Den Kopf nicht in den Sand stecken will Torwart Norman Volber, der in allen bisherigen Punktspielen zwischen den Pfosten stand. Nach der Verpflichtung von Patrick Gühring droht Volber jetzt jedoch die Ersatzbank. Mit dieser Rolle will sich der Youngster aber nicht zufrieden geben: "Ich werde an mir arbeiten und auf meine Chance warten." Dafür macht er seit einigen Wochen Extraschichten im Training. Das letzte Testspiel am Dienstagabend gegen den Oberligisten Heidenheimer SB musste kurzfristig abgesagt werden. Der Kunstrasenplatz war vereist. Deshalb legt Michael Rentschler großen Wert auf das Abschlusstraining, um sich auf die richtige Startformation festzulegen.
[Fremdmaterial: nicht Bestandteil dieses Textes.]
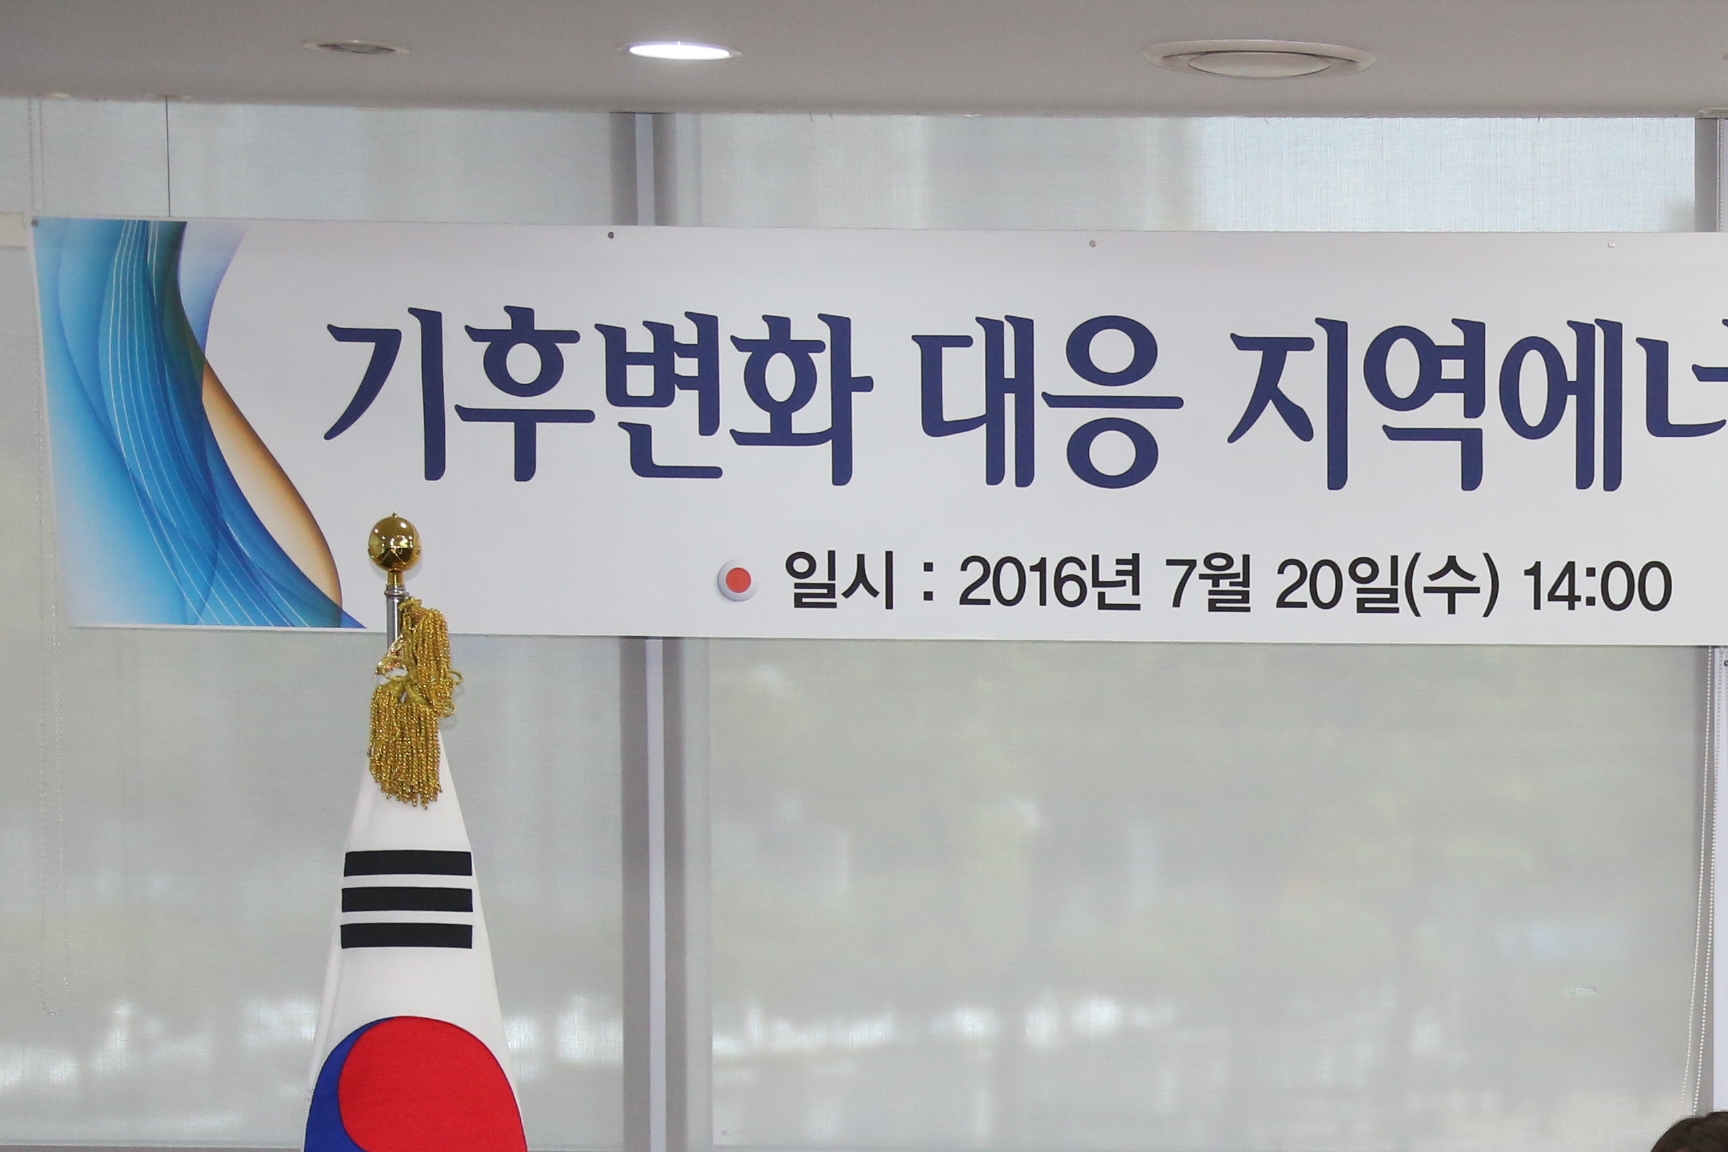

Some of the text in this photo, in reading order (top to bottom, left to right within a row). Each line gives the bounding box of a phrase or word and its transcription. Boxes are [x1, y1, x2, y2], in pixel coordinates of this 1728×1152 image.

Großen Respekt zollt Ditzingens Trainer Jens Uwe Zierer dem VfL Kirchheim: "Die Kirchheimer haben sich in der Winterpause gut verstärkt, und zählen für mich nicht zu den Abstiegskandidaten." In sechs Vorbereitungsspielen (2:2 gegen Sonnenhof Großaspach, 2:3 gegen KSG Gerlingen, 1:2 gegen die Stuttgarter Kickers, 1:3 gegen den VfR Aalen, 2:3 gegen SGV Freiberg) konnten die TSF Ditzingen nur ein Spiel (3:2 gegen den FC Gärtringen) gewinnen. Dennoch war Trainer Zierer mit der Vorbereitung sehr zufrieden: "Die Ergebnisse waren für mich eher zweitrangig." Auch mit dem bisherigen Saisonverlauf sind die Verantwortlichen zufrieden. Das verdeutlicht ein Blick auf die Tabelle: Mit 35 Punkten stehen die TSF Ditzingen auf dem dritten Rang und haben bei fünf Punkten Rückstand auf einen Aufstiegsplatz und einem Spiel weniger noch alle Chancen auf den Aufstieg in die Oberliga.
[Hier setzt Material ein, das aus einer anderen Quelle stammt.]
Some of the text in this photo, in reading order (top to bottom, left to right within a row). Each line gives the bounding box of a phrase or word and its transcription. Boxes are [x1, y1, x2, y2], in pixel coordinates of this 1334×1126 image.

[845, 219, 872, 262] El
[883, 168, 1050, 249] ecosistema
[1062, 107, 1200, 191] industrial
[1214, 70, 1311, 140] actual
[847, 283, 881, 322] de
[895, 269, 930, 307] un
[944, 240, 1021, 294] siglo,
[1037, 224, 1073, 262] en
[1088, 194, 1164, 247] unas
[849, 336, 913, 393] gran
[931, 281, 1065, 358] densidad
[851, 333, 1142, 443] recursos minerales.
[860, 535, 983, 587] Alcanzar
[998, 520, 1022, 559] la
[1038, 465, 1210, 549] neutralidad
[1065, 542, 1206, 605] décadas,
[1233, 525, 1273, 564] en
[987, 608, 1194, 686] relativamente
Ein Ziel, das der Ditzinger Trainer in der nächsten Saison erreichen will. "Wenn uns der Aufstieg nicht gelingen sollte, gibt es in der nächsten Saison nur ein Ziel und das heißt Oberliga." Die TSF Ditzingen sind neben Laupheim und Schwieberdingen eines von drei Verbandsligateams, das daheim noch unbesiegt ist. Von acht Spielen gewann der Ex-Regionalligist sieben und musste nur einmal die Punkte teilen. Gerade deshalb wird es für den VfL Kirchheim nicht einfach werden, auch nur einen Punkt mit nach Hause zu nehmen zumal die Kirchheimer zusammen mit dem FC Wangen das auswärtsschwächste Team der Verbandsliga stellen: In neun Partien gab's acht Niederlagen und nur ein Remis.